すでに第1のリスクは顕在化している。3度にわたる緊急事態宣言で休業を命じられた企業からの訴訟リスクだ。2021年3月22日、飲食チェーンのグローバルダイニング<7625>が東京都を相手取り、東京地裁に国家賠償請求訴訟をおこしたのだ。
同社は都の営業時間短縮命令とその根拠となる新型インフルエンザ対応の改正特別措置法が違憲であるとし、損害賠償を請求した。同社は休業命令の違憲性を問うのが目的として損害賠償額は104円(1店舗当たり1日1円、26店舗が4日間休業した)と低額の訴訟だったが、今後は他社で巨額の営業損失賠償を求める訴えが出てくる可能性も十分にある。
3度のロックダウンが断行されたフランスでは新型コロナ関係の訴訟で行政最高裁が2020年に840件の判決を出すなど、行政訴訟が相次いでいる。3度の緊急事態宣言で「狙い撃ち」された外食や、芸能・スポーツなどの興行といった営業停止を強いられている企業が訴訟に踏み切るのは避けられないだろう。
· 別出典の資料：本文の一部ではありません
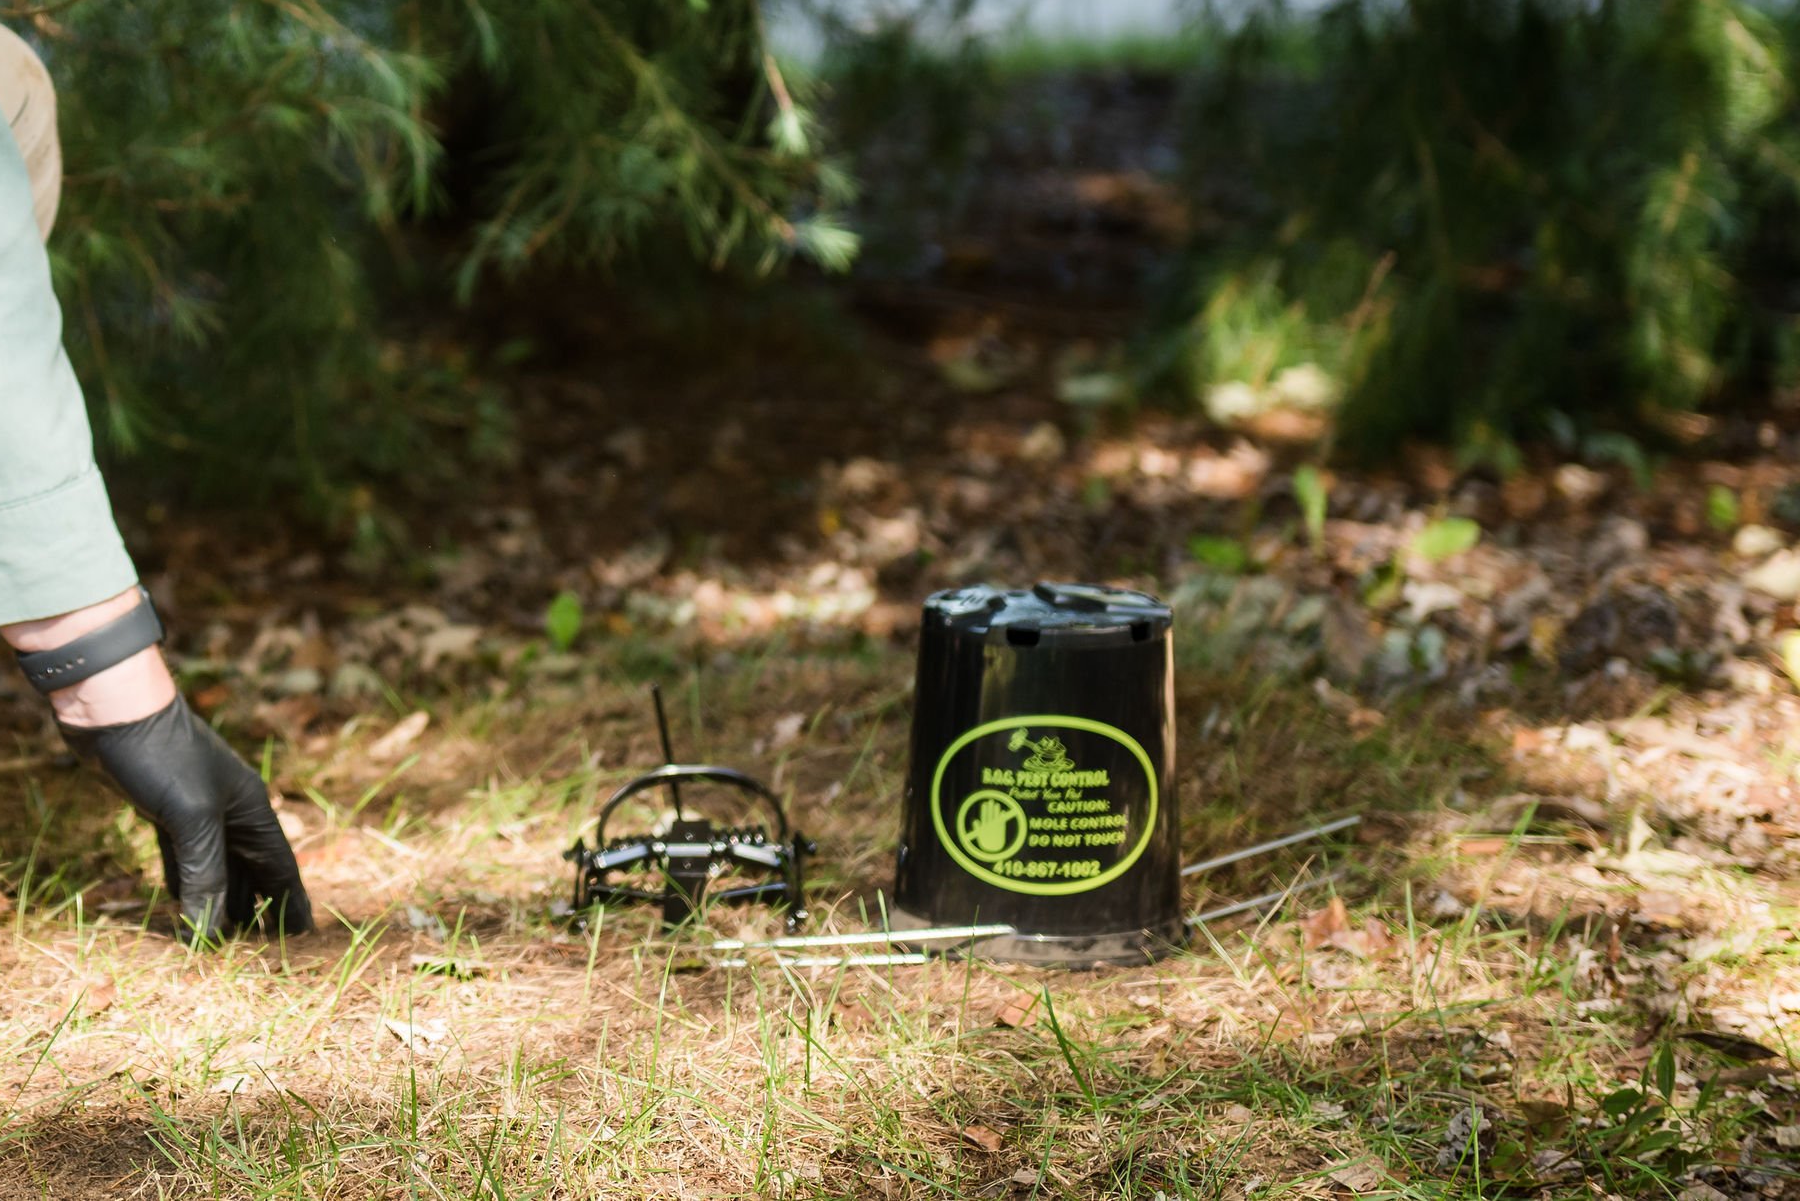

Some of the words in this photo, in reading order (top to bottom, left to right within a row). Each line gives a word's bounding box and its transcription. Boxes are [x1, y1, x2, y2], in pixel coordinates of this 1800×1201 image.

緊急事態宣言による休業要請を受けて業績が悪化した上場企業では、株主から行政訴訟を起こすように圧力を受けるケースもありそうだ。「泥縄」の営業短縮命令だっただけに、「あの業界では出て、なぜウチの業界には出ないのか」といった休業補償金の整合性も裁判の俎上にのぼりそうだ。